Carmita puso en marcha una agencia de modelos mayores de 50 años.
Carmita puso en marcha una agencia de modelos mayores de 50 años.

Cuando conoció a Constanza, Carmita no dudó en enviarle una sesión de fotos profesionales. Ser modelo siempre había sido su sueño y si ahora podía hacerlo para ayudar a otra gente, no necesitaba más razones. “Las personas mayores también queremos vestir bien y, sobre todo, inspirar a otros a que lo hagan”, apostilla. “No queremos vestir como los 'millennials', pero tampoco como los 'viejennials'. Queremos vestir como nos apetezca”.
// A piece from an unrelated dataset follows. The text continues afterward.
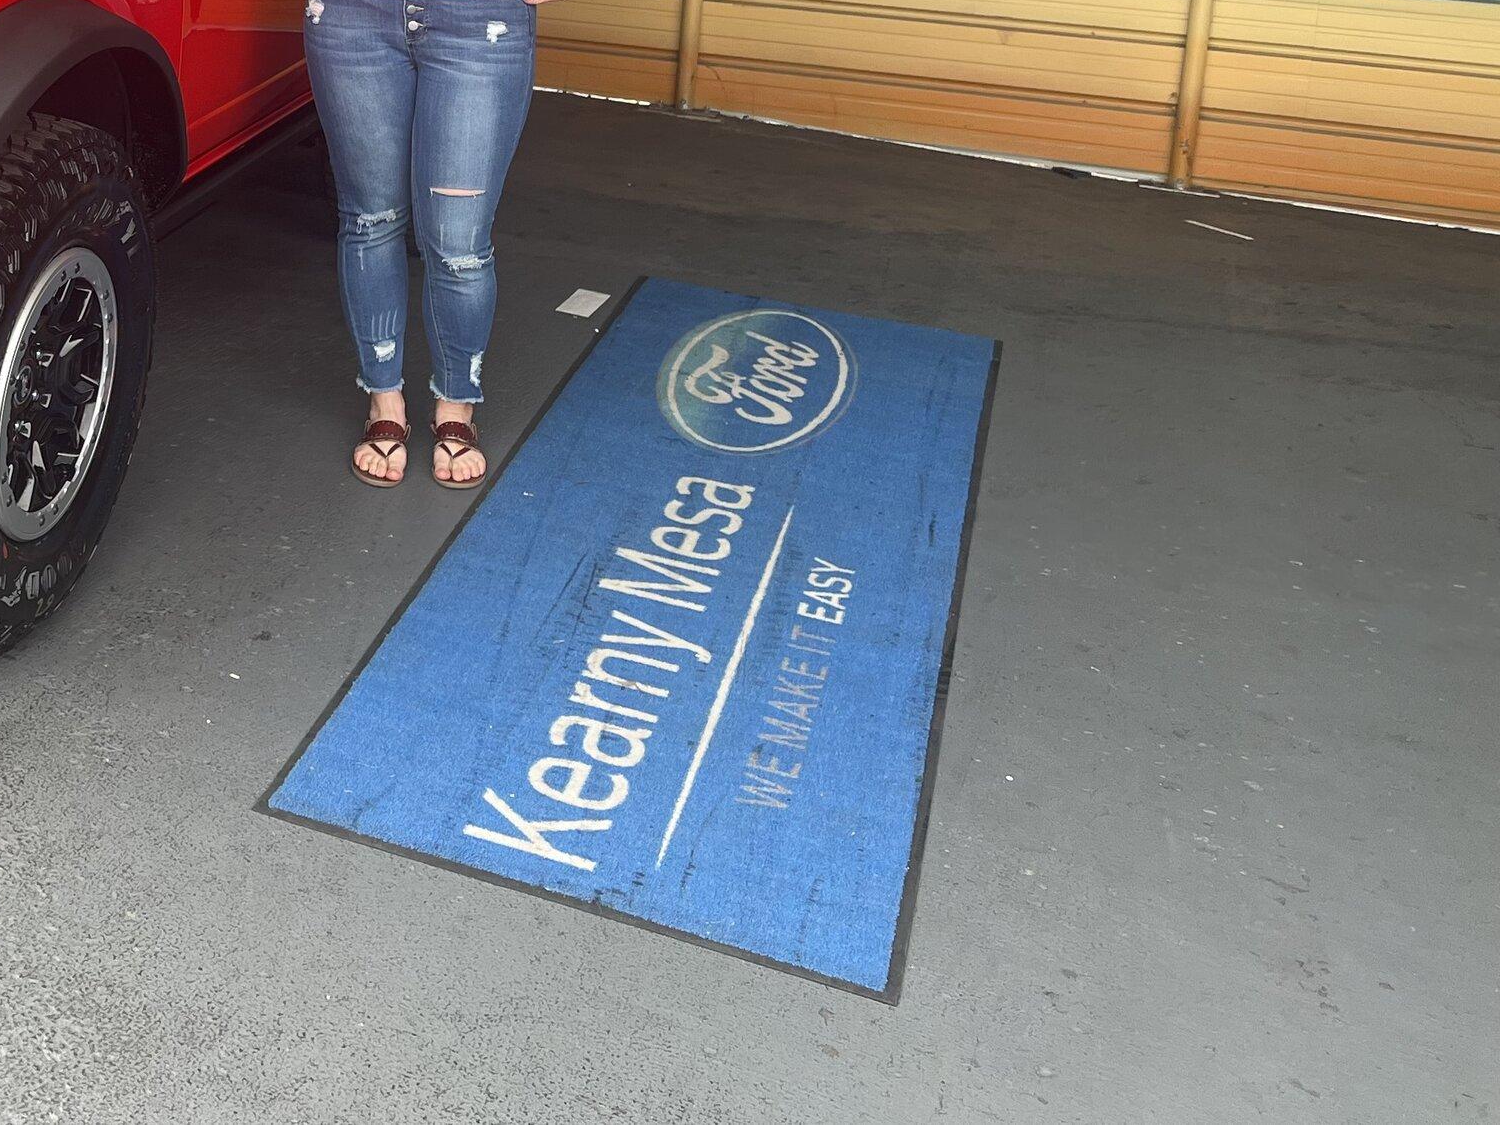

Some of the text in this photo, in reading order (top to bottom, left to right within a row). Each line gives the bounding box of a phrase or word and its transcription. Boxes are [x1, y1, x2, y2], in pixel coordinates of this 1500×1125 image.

Las marcas todavía parecen ignorarles, pero el objetivo de estos ‘viejennials’ es dejar de ser un colectivo que se queda fuera de la comunicación global, hasta que deje de resultar extraño ver a alguien mayor de 60 años en la fotografía de un escaparate o conduciendo un deportivo. “Esto es un cambio de paradigma. ¿Por qué una influencer de 30 años me tiene que decir lo que mola y lo que no?”, se queja Constanza. “Queremos empezar a hablar de cosas que antes no se vinculaban a la gente mayor: de placer, de viajes, de vivir, de parejas, de reinventarse, de tener una segunda vida”.